The problem is any senator can block the vote before the upper chamber is officially back in session. Roughly half of the Republican caucus has been emphatic that they will vote against any additional stimulus spending, making a deal before Labor Day unlikely.
“From my standpoint, the breakdown in the talks is very good news,” said Sen. Ron Johnson, a spending hawk from Wisconsin. “It’s very good news for future generations.”
Trump’s Executive Orders
Workers who have been laid off, furloughed, or permanently lost their jobs due to the pandemic lockdowns are now relying on Donald Trump’s executive orders to keep them afloat.
Unfortunately, there’s very little the President can do unilaterally when it comes to spending, and the orders he passed aren’t expected to offer much assistance. In an article about the executive orders, I explained the following:
Trump’s extension of the unemployment enhancement dropped the payment from $600 to $400.
Except, it’s actually only $300 – he wants states to cover that last 25% of the cost.
State and local governments are hemorrhaging money and looking at widespread layoffs and loss of public services; there’s no way they can afford to pick up that extra $100 per week, per jobless resident!
He also ordered the treasury department not to collect payroll taxes from those making less than $100,000 annually, until next year.
So, workers – who are lucky enough to have a job still – may see a slight increase in their take-home funds through December, but then that money will still be owed…
His order to cancel federal student loan interest and defer principal payments for the rest of the year may help somewhat.
Still, it’s a drop in the bucket compared to the economic calamity we’re facing.
Even the eviction moratorium is flimsy.
It’s not a moratorium at all; it merely orders administration officials to look into the matter and asks courts to consider suspending or delaying evictions.”
Bad Optics & Political Betting
In the court of public opinion, the Senate’s hardline approach to spending and decision to leave their posts for almost a month is playing horribly. As people’s financial situations become increasingly desperate, their political alignments will melt away. Keep talking about things like the deficit, debt, and irresponsible spending.
When that happens, I wouldn’t want to be on the side negotiating for less stimulus aid.

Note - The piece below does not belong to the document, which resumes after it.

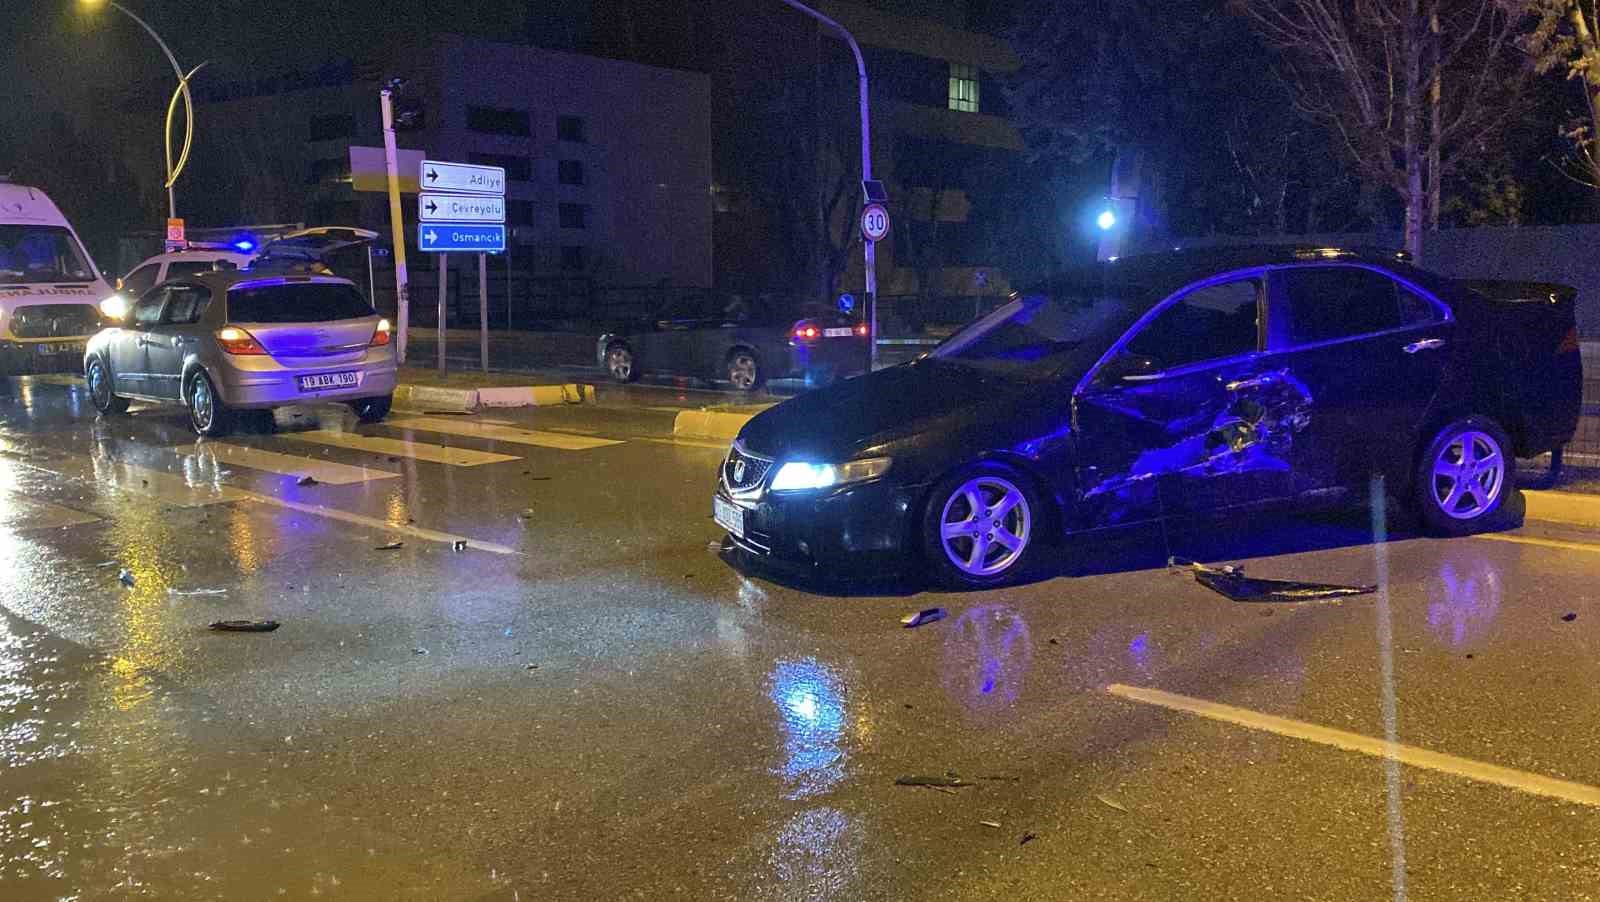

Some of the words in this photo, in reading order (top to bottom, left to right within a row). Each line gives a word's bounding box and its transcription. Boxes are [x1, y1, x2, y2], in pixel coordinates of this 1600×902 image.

Assuming Trump’s executive orders don’t pick up the slack, November could be a nightmare for Republicans. In recent election cycles, we’ve already seen a trend of longtime incumbents being unseated by anti-establishment candidates – both from outside and within their own parties.
How the growing economic crisis impacts the presidential election will depend on Donald Trump’s response. If the executive orders don’t help, he can play that off to the public as having tried, despite the limitations of the White House.
What he can’t do – and still be reelected – is carry the Republican line.
If he doesn’t break from GOP leadership, they’ll drag him down with them. His only hope is going public with a message of dissatisfaction and populism. Whether he still has that in him remains to be seen.